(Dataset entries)
----

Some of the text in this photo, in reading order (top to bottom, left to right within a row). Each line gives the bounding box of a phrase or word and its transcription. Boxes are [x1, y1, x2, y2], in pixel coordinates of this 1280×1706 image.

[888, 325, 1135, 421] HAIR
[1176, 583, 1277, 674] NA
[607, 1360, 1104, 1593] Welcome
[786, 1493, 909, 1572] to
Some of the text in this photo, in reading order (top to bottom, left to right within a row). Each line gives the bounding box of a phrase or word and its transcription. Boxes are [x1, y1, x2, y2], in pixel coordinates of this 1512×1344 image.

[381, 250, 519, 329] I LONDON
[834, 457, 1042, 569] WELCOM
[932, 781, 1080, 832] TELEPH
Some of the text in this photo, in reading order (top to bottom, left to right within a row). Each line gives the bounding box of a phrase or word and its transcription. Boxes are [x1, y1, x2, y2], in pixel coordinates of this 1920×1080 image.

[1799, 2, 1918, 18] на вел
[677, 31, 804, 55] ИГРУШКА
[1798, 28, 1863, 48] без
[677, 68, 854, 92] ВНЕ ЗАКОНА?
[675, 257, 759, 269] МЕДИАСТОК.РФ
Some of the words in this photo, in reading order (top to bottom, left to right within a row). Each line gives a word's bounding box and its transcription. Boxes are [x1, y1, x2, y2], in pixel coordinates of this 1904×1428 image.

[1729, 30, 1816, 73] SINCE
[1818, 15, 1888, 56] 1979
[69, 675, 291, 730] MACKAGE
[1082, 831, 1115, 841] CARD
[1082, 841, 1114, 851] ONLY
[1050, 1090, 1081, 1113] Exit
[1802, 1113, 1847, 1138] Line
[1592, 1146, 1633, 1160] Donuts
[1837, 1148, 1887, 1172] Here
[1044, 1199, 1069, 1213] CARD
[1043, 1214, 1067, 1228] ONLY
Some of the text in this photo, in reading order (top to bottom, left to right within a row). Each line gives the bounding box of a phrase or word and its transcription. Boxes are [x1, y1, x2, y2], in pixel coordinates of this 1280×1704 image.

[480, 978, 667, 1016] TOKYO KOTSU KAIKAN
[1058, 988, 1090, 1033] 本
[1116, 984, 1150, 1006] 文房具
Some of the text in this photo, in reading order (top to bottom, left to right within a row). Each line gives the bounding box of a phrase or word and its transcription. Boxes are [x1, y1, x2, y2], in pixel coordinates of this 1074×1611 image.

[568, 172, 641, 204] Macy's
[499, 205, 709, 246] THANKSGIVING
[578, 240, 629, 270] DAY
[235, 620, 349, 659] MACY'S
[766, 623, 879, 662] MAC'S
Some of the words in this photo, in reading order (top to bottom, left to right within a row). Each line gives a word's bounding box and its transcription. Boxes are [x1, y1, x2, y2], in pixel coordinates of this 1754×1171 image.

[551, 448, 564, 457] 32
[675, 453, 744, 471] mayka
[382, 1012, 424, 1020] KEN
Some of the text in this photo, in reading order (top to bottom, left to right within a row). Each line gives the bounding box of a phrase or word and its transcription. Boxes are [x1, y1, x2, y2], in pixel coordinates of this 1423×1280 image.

----

PROBLEM TO SOLVE — The answer must consist of the lines from the one with "this 1754×1171 image." through the final line of the entries above, exactly as they are, and nothing else.

FINAL ANSWER —
Some of the words in this photo, in reading order (top to bottom, left to right within a row). Each line gives a word's bounding box and its transcription. Boxes are [x1, y1, x2, y2], in pixel coordinates of this 1754×1171 image.

[551, 448, 564, 457] 32
[675, 453, 744, 471] mayka
[382, 1012, 424, 1020] KEN
Some of the text in this photo, in reading order (top to bottom, left to right within a row). Each line gives the bounding box of a phrase or word and its transcription. Boxes are [x1, y1, x2, y2], in pixel coordinates of this 1423×1280 image.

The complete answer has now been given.